Saved entries:
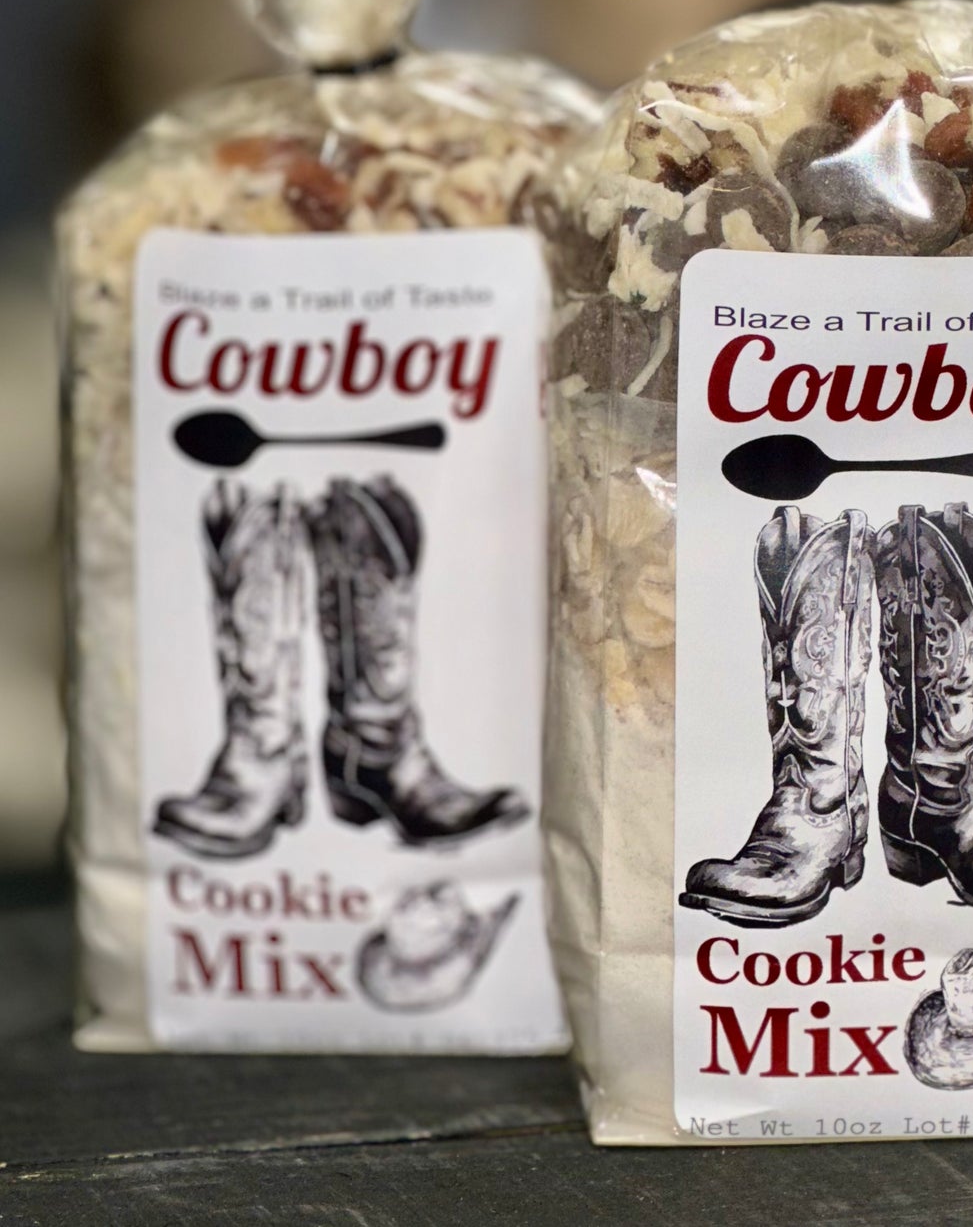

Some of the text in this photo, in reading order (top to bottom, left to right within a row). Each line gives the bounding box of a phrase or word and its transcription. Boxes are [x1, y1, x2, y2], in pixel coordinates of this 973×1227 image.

[250, 290, 271, 311] a
[283, 285, 353, 311] Trail
[361, 284, 395, 311] of
[713, 306, 811, 330] Blaze
[824, 313, 844, 332] a
[857, 310, 932, 333] Trail
[156, 308, 501, 420] Cowboy
[166, 864, 370, 921] Cookie
[170, 926, 348, 1000] Mix
[696, 934, 926, 987] Cookie
[699, 1001, 899, 1078] Mix
[689, 1116, 740, 1136] Net
[760, 1118, 794, 1136] Wt
[816, 1116, 882, 1136] 10oz
[903, 1113, 970, 1135] Lot#

#### Assignment
Without carrying over any picture, write out the entries above once more, exactly.

#### Answer box
Some of the text in this photo, in reading order (top to bottom, left to right within a row). Each line gives the bounding box of a phrase or word and its transcription. Boxes are [x1, y1, x2, y2], in pixel coordinates of this 973×1227 image.

[250, 290, 271, 311] a
[283, 285, 353, 311] Trail
[361, 284, 395, 311] of
[713, 306, 811, 330] Blaze
[824, 313, 844, 332] a
[857, 310, 932, 333] Trail
[156, 308, 501, 420] Cowboy
[166, 864, 370, 921] Cookie
[170, 926, 348, 1000] Mix
[696, 934, 926, 987] Cookie
[699, 1001, 899, 1078] Mix
[689, 1116, 740, 1136] Net
[760, 1118, 794, 1136] Wt
[816, 1116, 882, 1136] 10oz
[903, 1113, 970, 1135] Lot#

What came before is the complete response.